**Work instructions:** Return every entry below word for word and leave out any picture.
BEGIN Dataset excerpts
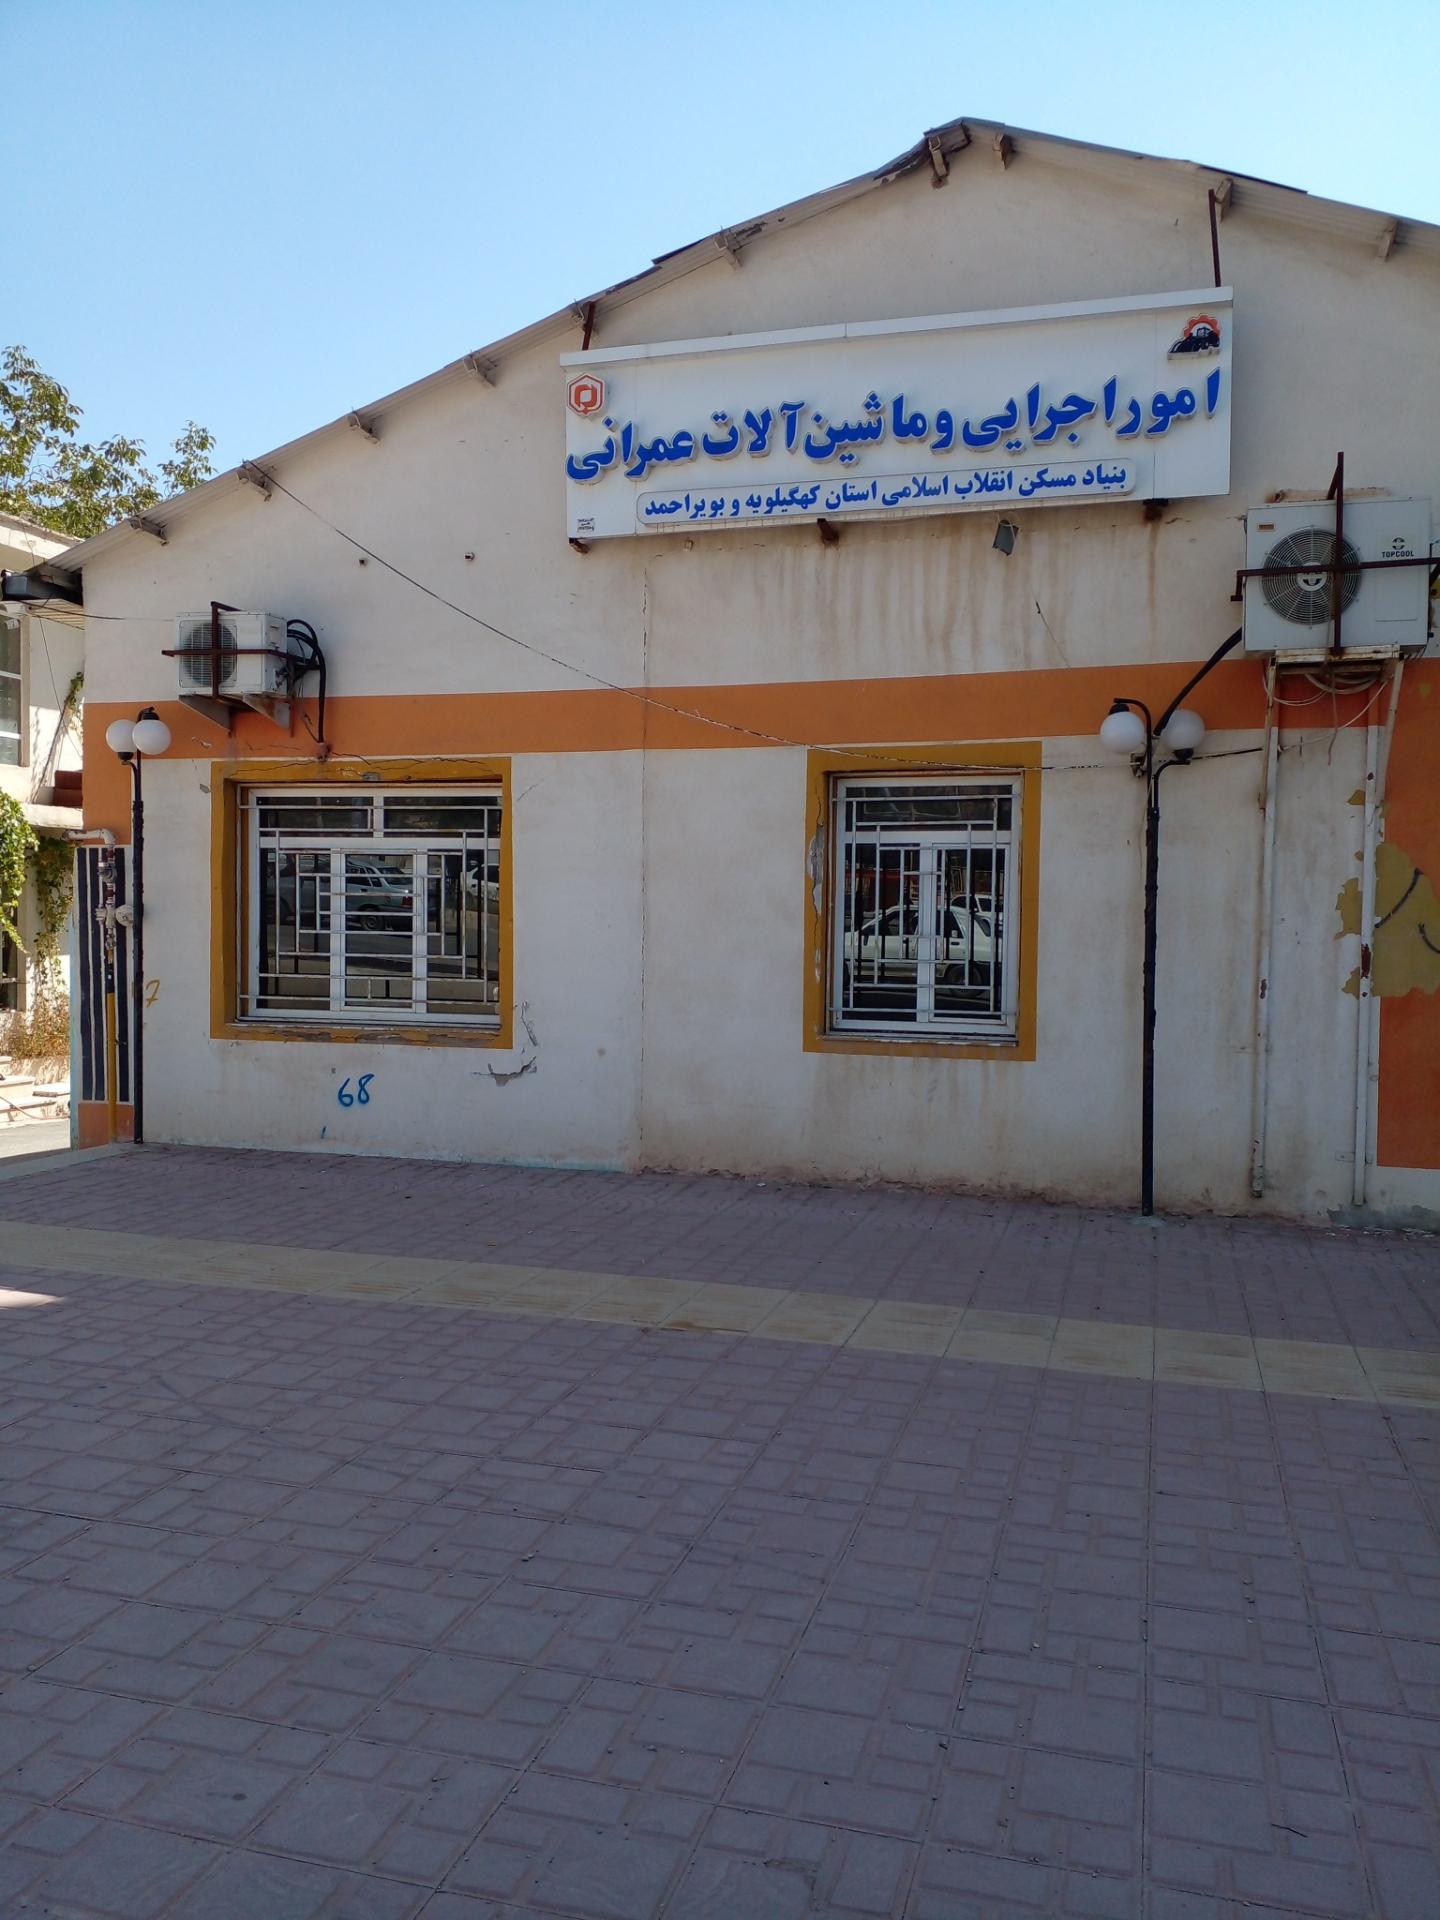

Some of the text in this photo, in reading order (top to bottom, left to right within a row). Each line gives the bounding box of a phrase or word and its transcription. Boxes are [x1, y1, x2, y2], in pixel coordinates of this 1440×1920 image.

[566, 368, 1222, 481] امور اجرایی و ماشین آلات عمرانی
[644, 464, 1127, 519] بنیاد مسکن انقلاب اسلامی استان کهگیلویه و بویراحمد
[1381, 550, 1415, 559] TOPCOOL
[337, 1073, 375, 1107] 68
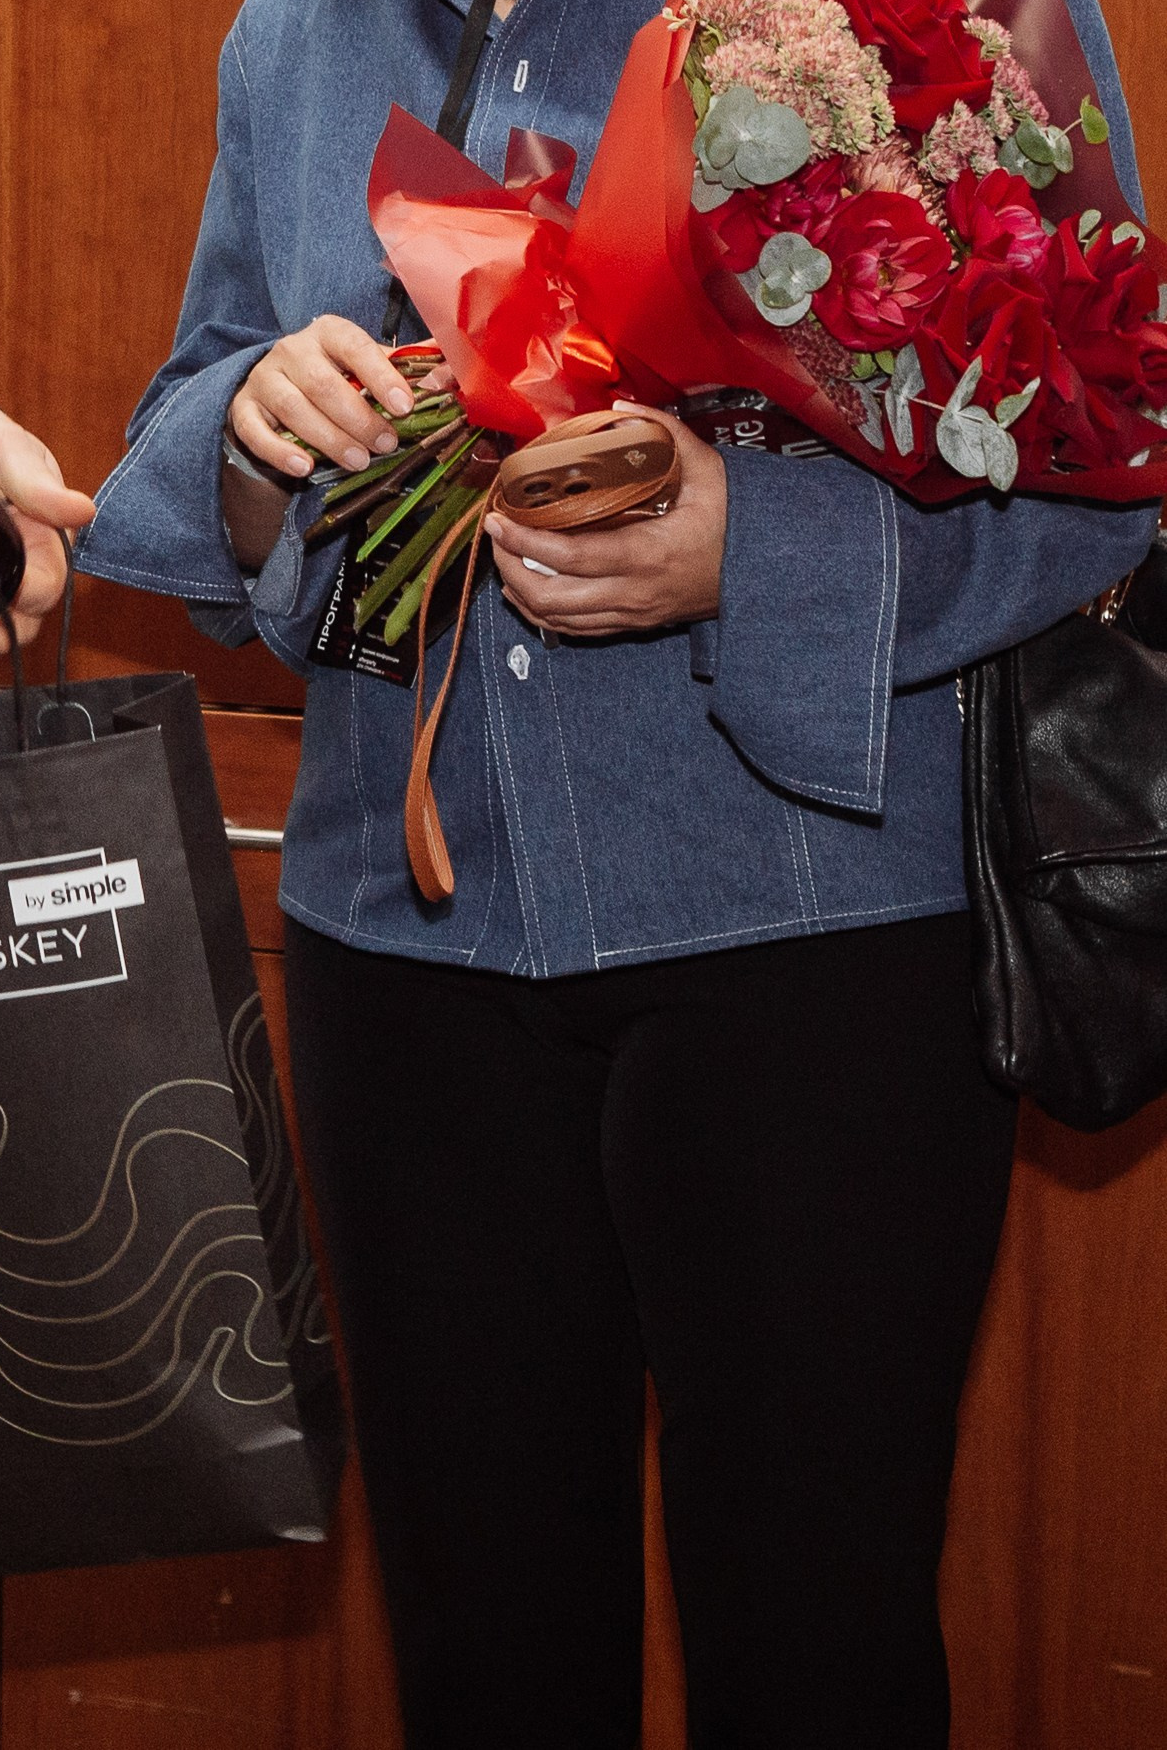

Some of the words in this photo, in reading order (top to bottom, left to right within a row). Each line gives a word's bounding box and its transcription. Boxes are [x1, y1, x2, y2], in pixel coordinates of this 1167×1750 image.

[316, 556, 346, 651] ПРОГРАМ
[25, 893, 45, 911] by
[50, 874, 128, 906] simple
END Dataset excerpts
**Response for this exercise:**
Some of the text in this photo, in reading order (top to bottom, left to right within a row). Each line gives the bounding box of a phrase or word and its transcription. Boxes are [x1, y1, x2, y2], in pixel coordinates of this 1440×1920 image.

[566, 368, 1222, 481] امور اجرایی و ماشین آلات عمرانی
[644, 464, 1127, 519] بنیاد مسکن انقلاب اسلامی استان کهگیلویه و بویراحمد
[1381, 550, 1415, 559] TOPCOOL
[337, 1073, 375, 1107] 68

Some of the words in this photo, in reading order (top to bottom, left to right within a row). Each line gives a word's bounding box and its transcription. Boxes are [x1, y1, x2, y2], in pixel coordinates of this 1167×1750 image.

[316, 556, 346, 651] ПРОГРАМ
[25, 893, 45, 911] by
[50, 874, 128, 906] simple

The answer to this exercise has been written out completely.